Mieszkaniec Lubartowa, który jest wolontariuszem i wieloletnim krwiodawcą, wyruszył w podróż z rodzinnego miasta 5 sierpnia, odwiedzając Radzyń Podlaski, Łuków, Białą Podlaską, Włodawę, Chełm i Hrubieszów. Pracownicy i wolontariusze PCK z Zamościa spotkali się z nim 9 sierpnia.
– Chcę zwiększyć świadomość ludzi, w tym dzieci i młodzieży, czym zajmuje się PCK mówił Janusz Kobyłka.
Głównym celem jego wyprawy jest promocja działań PCK oraz zebranie funduszy na dalsze wsparcie osób potrzebujących. Z Zamościa pojechał do Biłgoraja, ale pan Janusz odwiedza nie tylko oddziały PCK na Lubelszczyźnie.
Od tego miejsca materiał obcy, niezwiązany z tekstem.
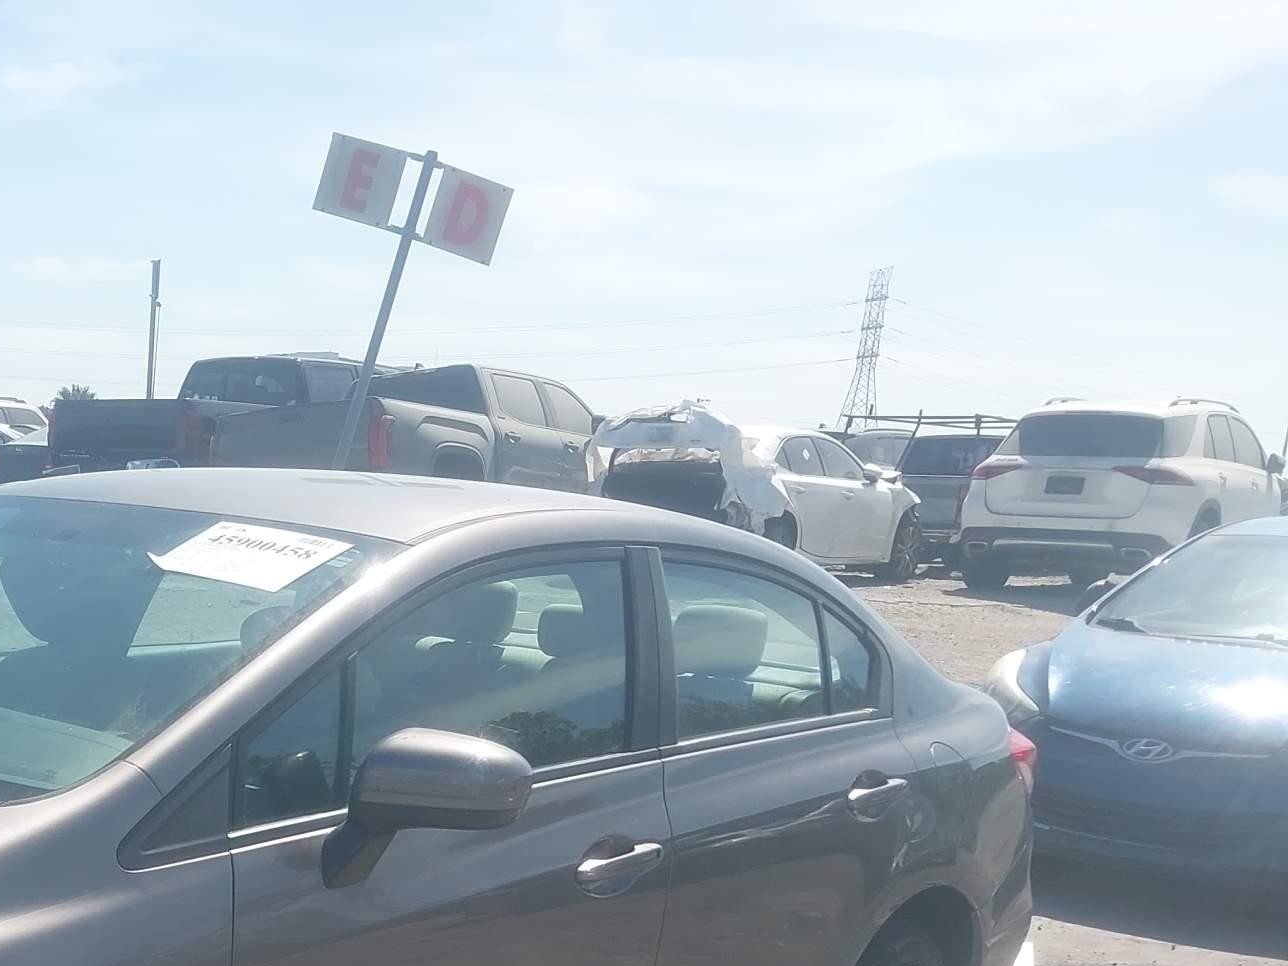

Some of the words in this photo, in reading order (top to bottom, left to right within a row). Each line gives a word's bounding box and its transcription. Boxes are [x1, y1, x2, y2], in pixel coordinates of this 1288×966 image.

Na trasie rajdu znalazła się Warszawa, gdzie 12 sierpnia miał odwiedzić Biuro Zarządu Głównego PCK, a 13 sierpnia wyruszyć do Ostrowie nad Bałtykiem, gdzie kolonie dla dzieci zorganizował Lubelski Oddział Okręgowy PCK.
PRZECZYTAJ TEŻ: Albo rolnicy dostosują się do zmian klimatu, albo wyginą jak mamuty
– Dziennie przejeżdżam około 100 km – powiedział w Zamościu Janusz Kobyłka. – Mam niezłą kondycję, bo zawsze lubiłem sport. Dużo biegałem, morsuję, a rower stał się moją pasją. Przed swoimi 60. urodzinami wpadłem na pomysł, aby przejechać rowerem Polskę. To było w 2018 r. Kolega mi podpowiedział, żebym jechał, ale charytatywnie. Postanowiłem wesprzeć dotknięta rzadką chorobą trzylatkę, która potrzebowała 50 tys. zł na operację. Przejechałem 3 700 km i udało mi się zebrać ponad 125 tys. zł. To dało mi kopa.
Od tamtej pory regularnie pomaga. Na rowerze wykręcił już blisko 17 tys. km, a licznik cały czas pracuje. – Ja bardzo wierzę w ludzi – mówi pan Janusz, który w listopadzie skończy 65 lat.
– Na trasie, którą pokonuję zawsze w pojedynkę, przychodzą czasem chwile zwątpienia: stawy siadają, skurcz czasem złapie, pot się leje, ale zawsze powtarzam sobie, że to co robię, ma sens. Jadę przecież i w deszcz, i w słońce, z wiatrem i pod wiatr. Nawigacja pomaga w dotarciu do celu, ale mam ze sobą zawsze tradycyjną mapę. Do trasy przygotowuję się już od jesieni. To jest już mój 7 rajd charytatywny. Każdy urlop wykorzystuję na wyjazd. Planuję trasę od jesieni, wybieram trasy w miarę przyjazne dla rowerów.
Znad Morza Bałtyckiego pan Janusz wróci 19 sierpnia na Lubelszczyznę, odwiedzając Puławy, Opole Lubelskie i Kraśnik, a 20 sierpnia zakończy swój charytatywny rajd na Placu Litewskim w Lublinie.